The reply is to be an exact repetition of the entries that follow, with each picture left out.

Spatial localization data:
┌──
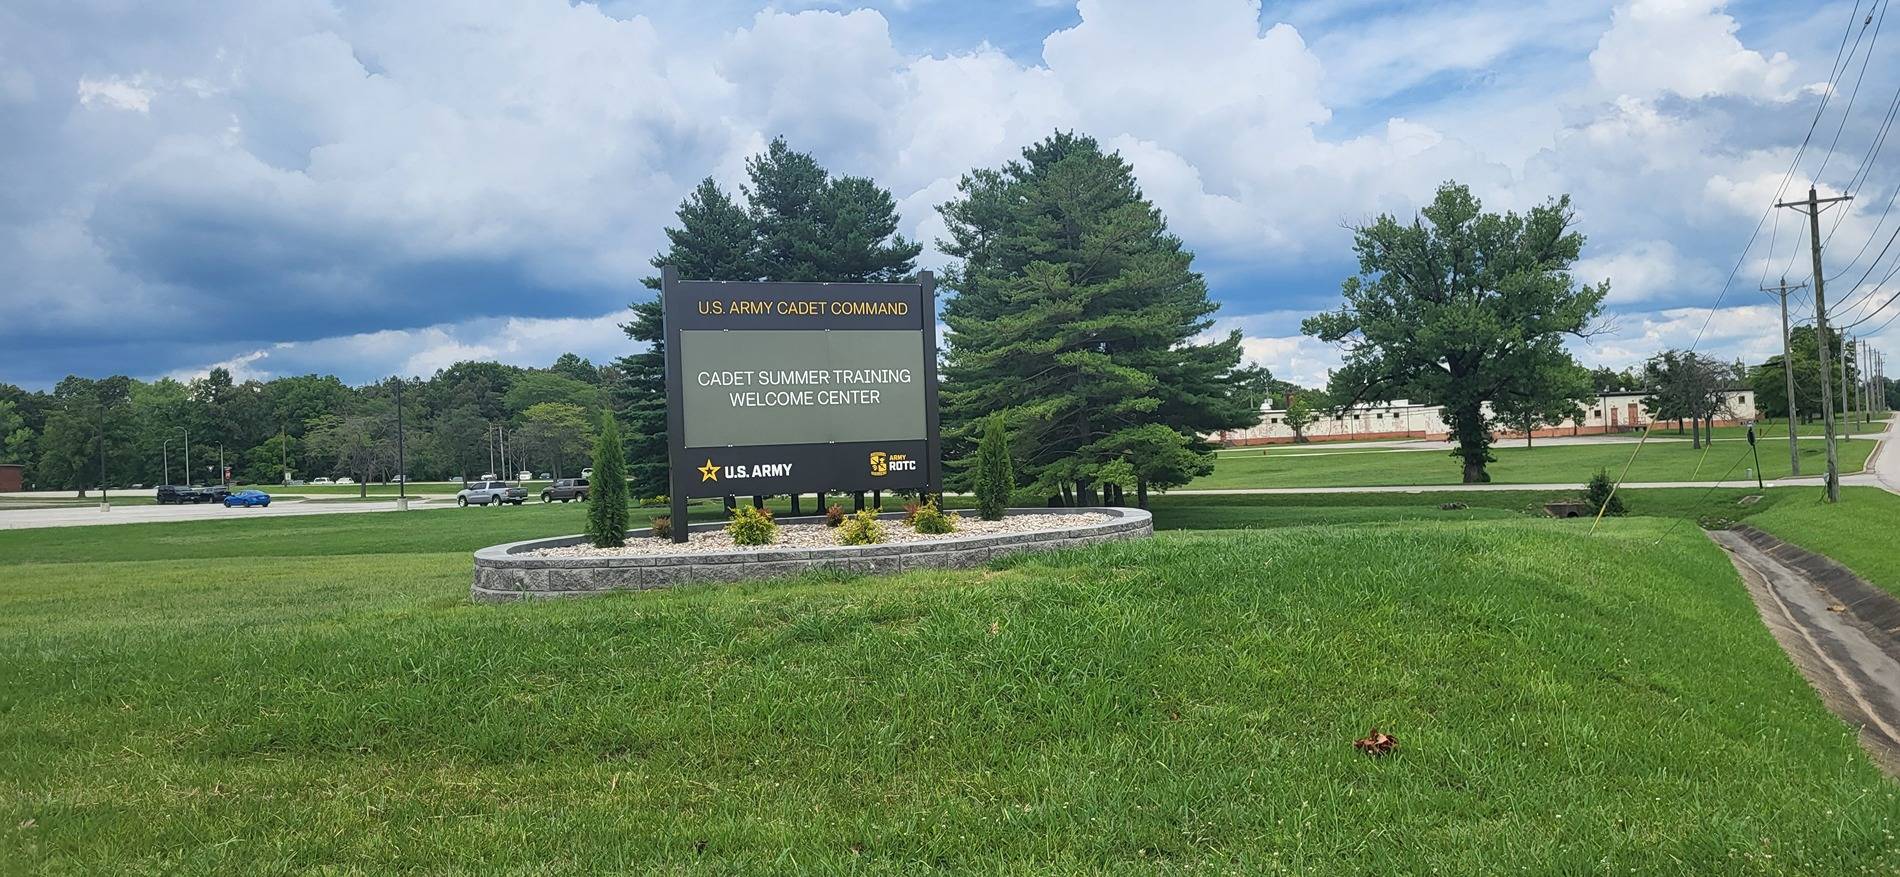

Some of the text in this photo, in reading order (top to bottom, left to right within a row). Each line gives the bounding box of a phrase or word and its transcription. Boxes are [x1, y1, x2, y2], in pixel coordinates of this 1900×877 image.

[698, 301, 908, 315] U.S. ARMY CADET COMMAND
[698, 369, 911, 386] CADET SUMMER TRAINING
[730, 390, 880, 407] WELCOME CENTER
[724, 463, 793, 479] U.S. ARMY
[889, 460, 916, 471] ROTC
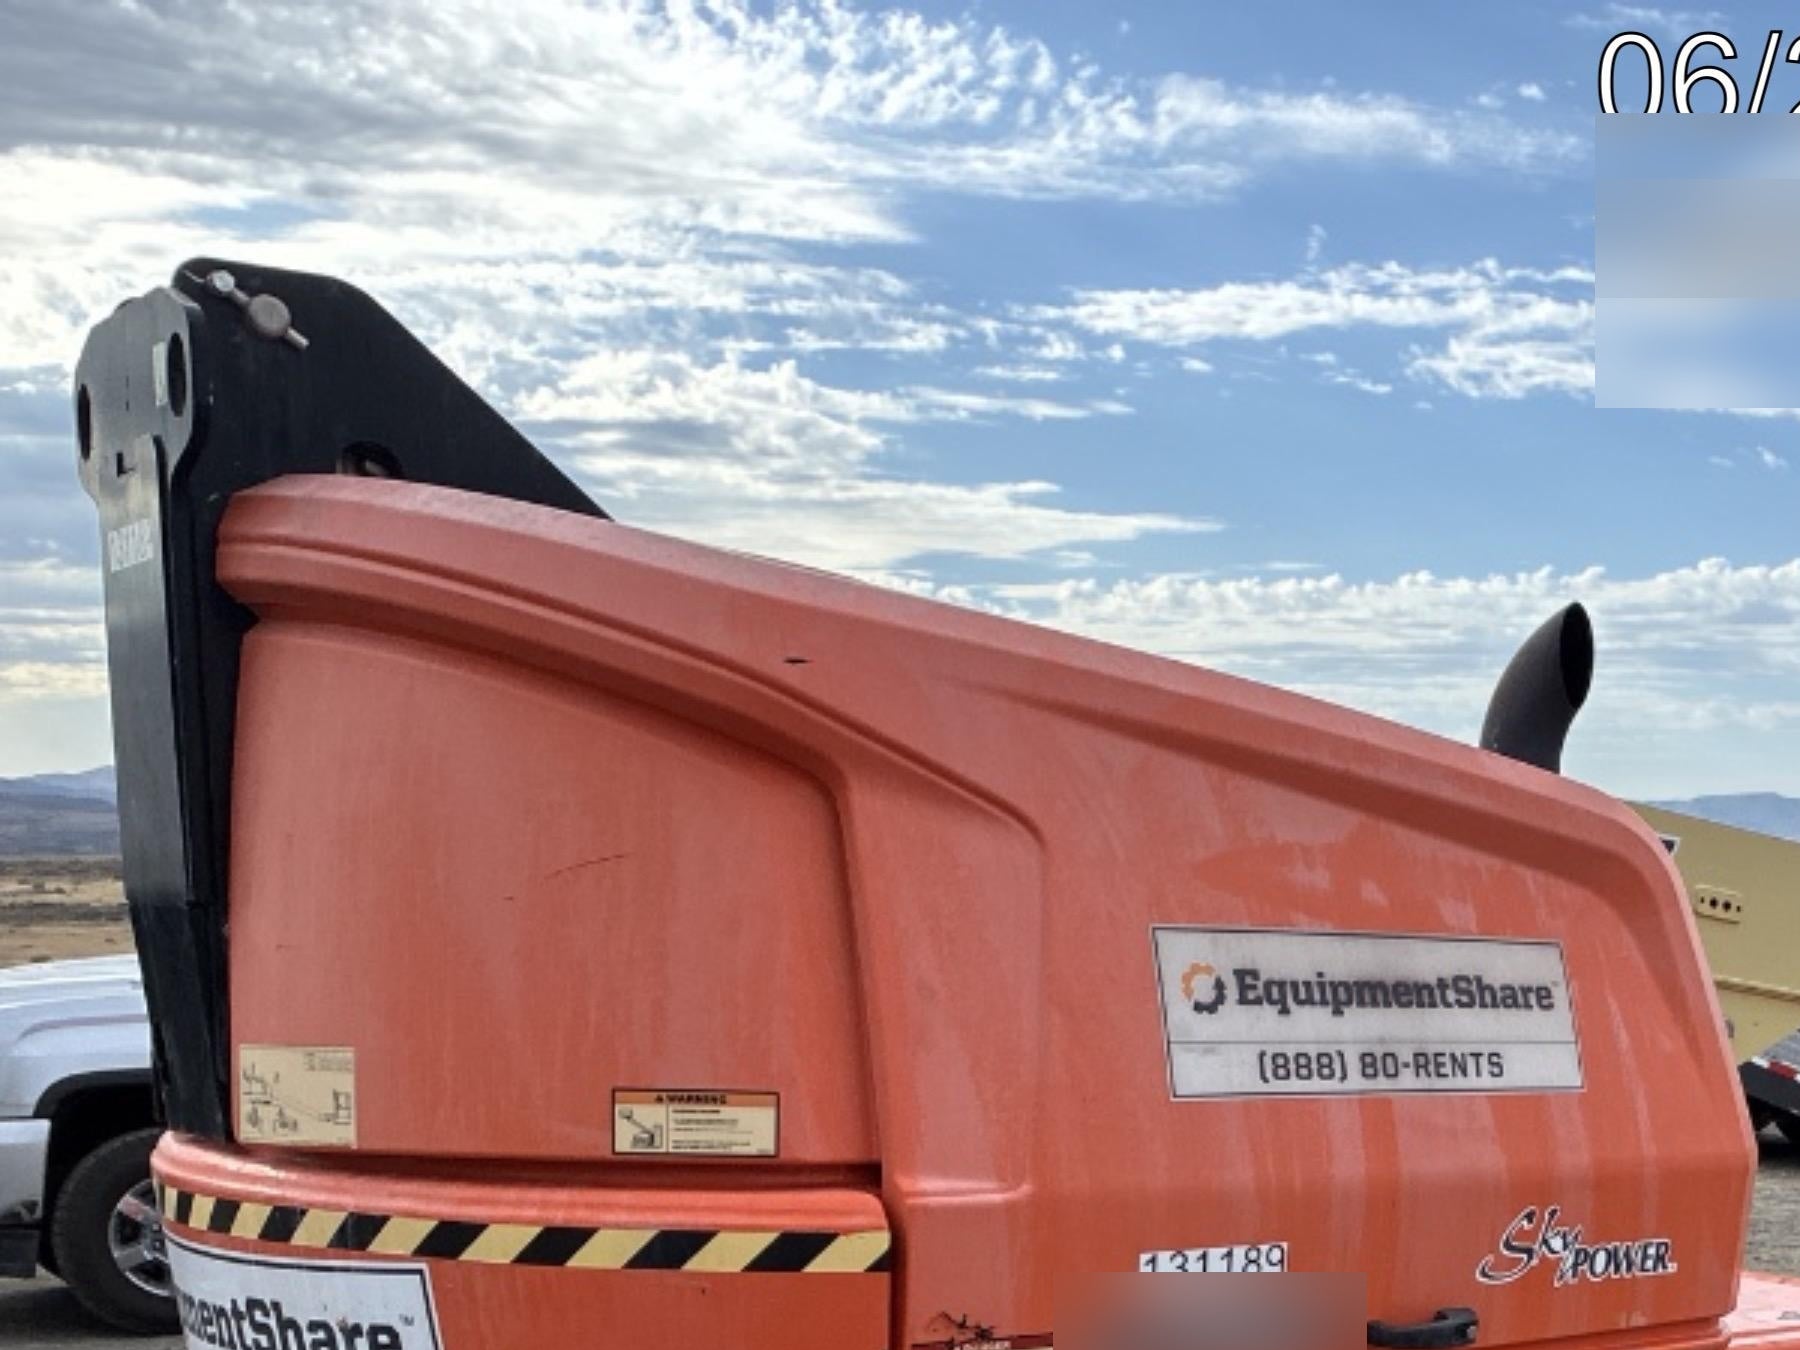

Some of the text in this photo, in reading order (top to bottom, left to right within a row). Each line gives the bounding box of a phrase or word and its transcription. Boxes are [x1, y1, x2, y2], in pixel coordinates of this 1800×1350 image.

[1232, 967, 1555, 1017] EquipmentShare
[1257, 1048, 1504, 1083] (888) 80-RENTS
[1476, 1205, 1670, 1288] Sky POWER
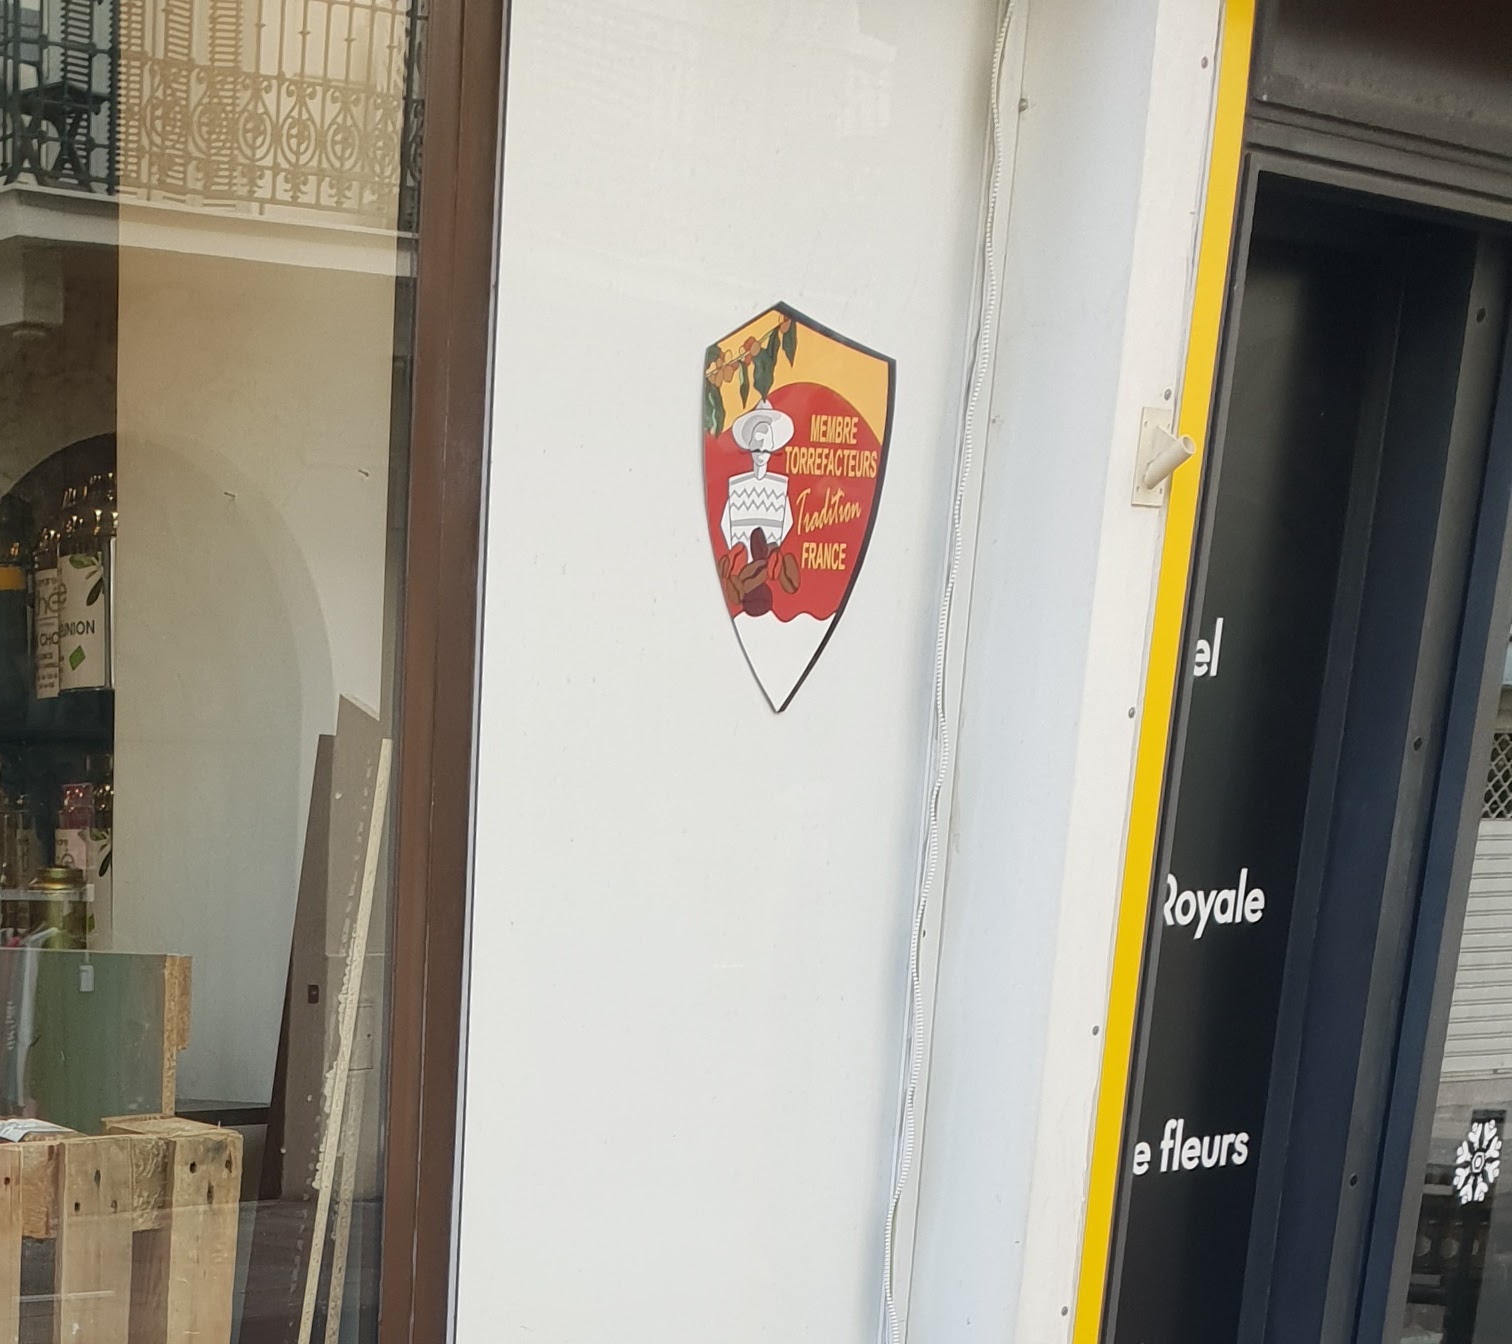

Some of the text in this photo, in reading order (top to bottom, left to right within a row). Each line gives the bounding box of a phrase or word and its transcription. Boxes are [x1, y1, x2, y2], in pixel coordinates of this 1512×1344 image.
└──
Response for this exercise:
Some of the text in this photo, in reading order (top to bottom, left to right within a row). Each line gives the bounding box of a phrase or word and its transcription. Boxes are [x1, y1, x2, y2], in pixel coordinates of this 1900×877 image.

[698, 301, 908, 315] U.S. ARMY CADET COMMAND
[698, 369, 911, 386] CADET SUMMER TRAINING
[730, 390, 880, 407] WELCOME CENTER
[724, 463, 793, 479] U.S. ARMY
[889, 460, 916, 471] ROTC

Some of the text in this photo, in reading order (top to bottom, left to right within a row). Each line gives the bounding box of a phrase or word and its transcription. Boxes are [x1, y1, x2, y2], in pixel coordinates of this 1800×1350 image.

[1232, 967, 1555, 1017] EquipmentShare
[1257, 1048, 1504, 1083] (888) 80-RENTS
[1476, 1205, 1670, 1288] Sky POWER

Some of the text in this photo, in reading order (top to bottom, left to right within a row). Each line gives the bounding box of a phrase or word and its transcription. Boxes are [x1, y1, x2, y2], in pixel coordinates of this 1512×1344 image.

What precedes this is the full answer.